Конечно, поскольку все мы - люди, на направление мыслей философов-теологов влиял их личный жизненный опыт, как же без этого. И не без того, что каждая эпоха подвержена определенным веяниям, через призму которых люди воспринимали информацию, и от которых никто и никогда не был и не может быть свободен полностью. А сама Философия как наука считалась в Средние века дамой, вообще-то.
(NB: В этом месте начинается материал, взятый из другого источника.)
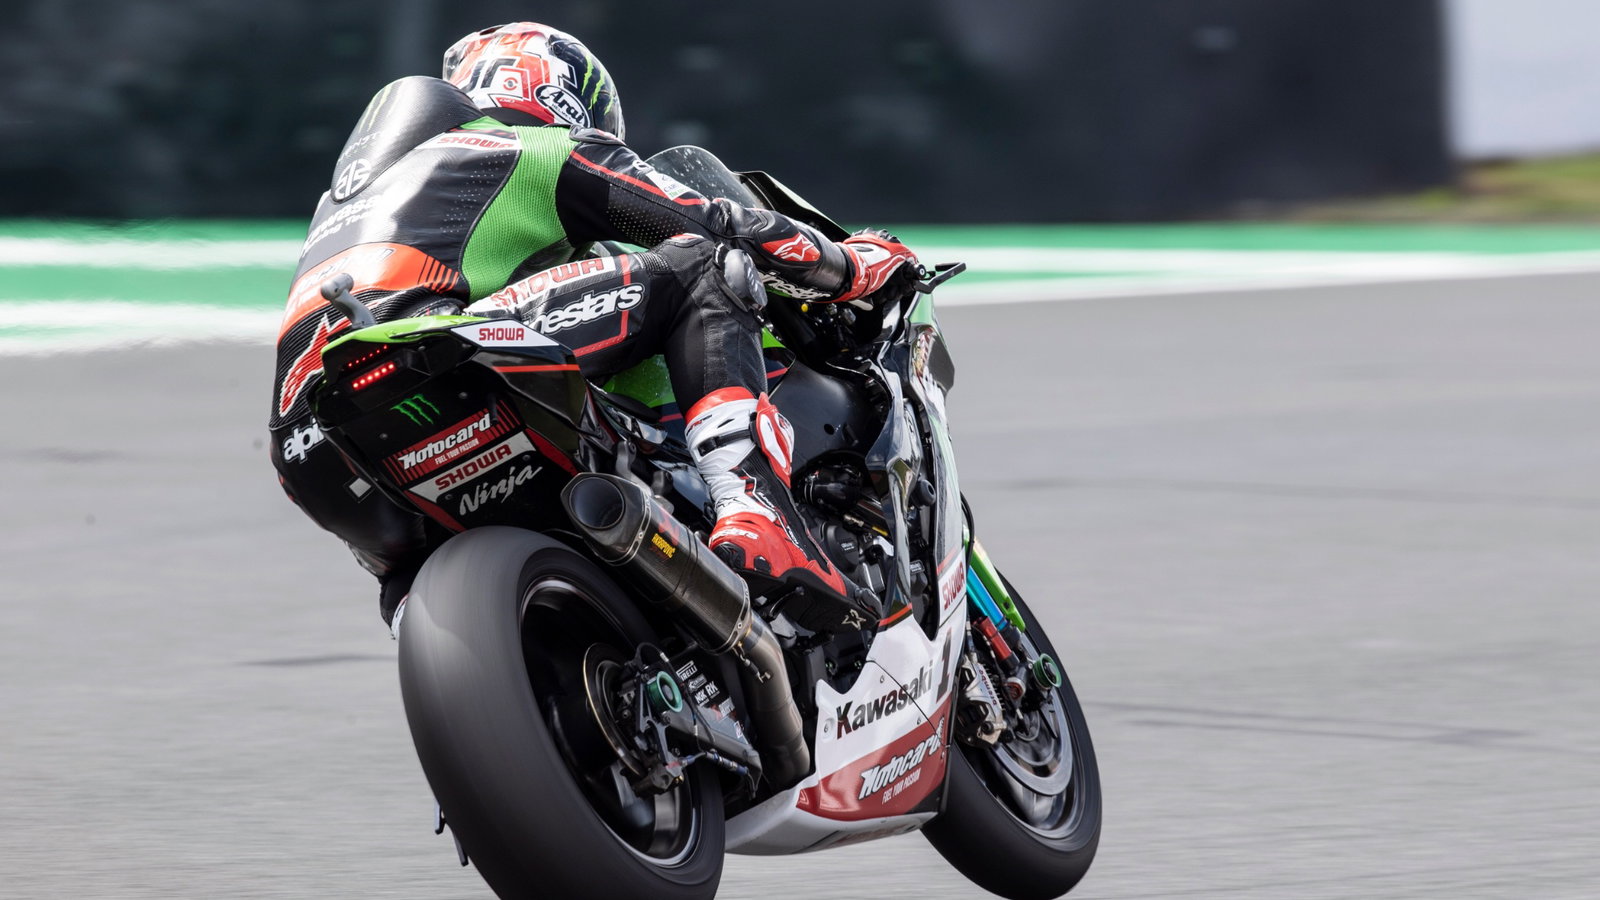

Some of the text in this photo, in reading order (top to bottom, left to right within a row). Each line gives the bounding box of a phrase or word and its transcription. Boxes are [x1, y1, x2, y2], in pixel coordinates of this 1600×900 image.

скрытый текстНет, я даже предположить не могу, кто впервые запустил "утку" о том, что Господь в буквальном смысле слова облегчил под общей анестезией Адама на одно ребро (почему не на пару-то, если все знают, что количество ребер и у мужчин тоже парное, причем ровно в том же количестве, что и у женщин), и выстругал из этого скудного материала Еву. Сейчас модно говорить о твиттеризации сознания, но ею, похоже, страдали задолго до изобретения Твиттера. Где-то с времен Реформации, когда библию начали толковать все, способные её прочесть, наконец, на родном языке. Но не обязательно понять. В связи с чем вскоре за первичной либерализацией наступило запрещение самопальных кружков изучения Библии, законодательно. Очень подробно о том, что Библию надо читать не только глазами, но и умом, прекрасно написал https://fomaru.livejournal.com/50158.html.

Вот Иоанна Златоуста "О женщинах", например, страшно любят растаскивать на цитаты как мизогинически настроенные мужчины, так и горящие идеями феминизма женщины. На самом же деле, Иоанн Златоуст никогда не говорил о том, что женщина не создана по образу Божьему. Он, собственно, писал, что после разделения Человека на мужчину и женщину, оба уже не были тем образом Божьим как изначальный единый Человек. И это было именно его мнением, его теорией, с которой было допустимо соглашаться или нет, а не каким-то каноном.

Что касается его нападок на женское тщеславие и женскую "поперечность", то я допускаю, что у почтенного епископа Константинопольского были вполне земные причины недолюбливать очень красивых женщин с сильной волей, потому что перед глазами у него был такой материал, как императрица Евдоксия, отношения с которой у Иоанна Златоуста определенно не сложились. Вряд ли она была, на самом деле, ужасной и/или порочной особой. За 10 лет супружества бедолага рожала семь раз, и это дело её, в конце концов, свело в могилу. Причем, супруг её выполнял, похоже, только функцию продолжения рода, всю политику тащила на себе Евдоксия - и за себя, и за императора. Так что причина неприязни к ней Иоанна Златоуста была в том, что они были политическими врагами, в первую очередь. Она видела себя покровительницей церкви, а её архиепископ видел себя пастырем императорской четы. К тому же, Евдоксия победила, выкинув вредного деда в кавказскую глушь.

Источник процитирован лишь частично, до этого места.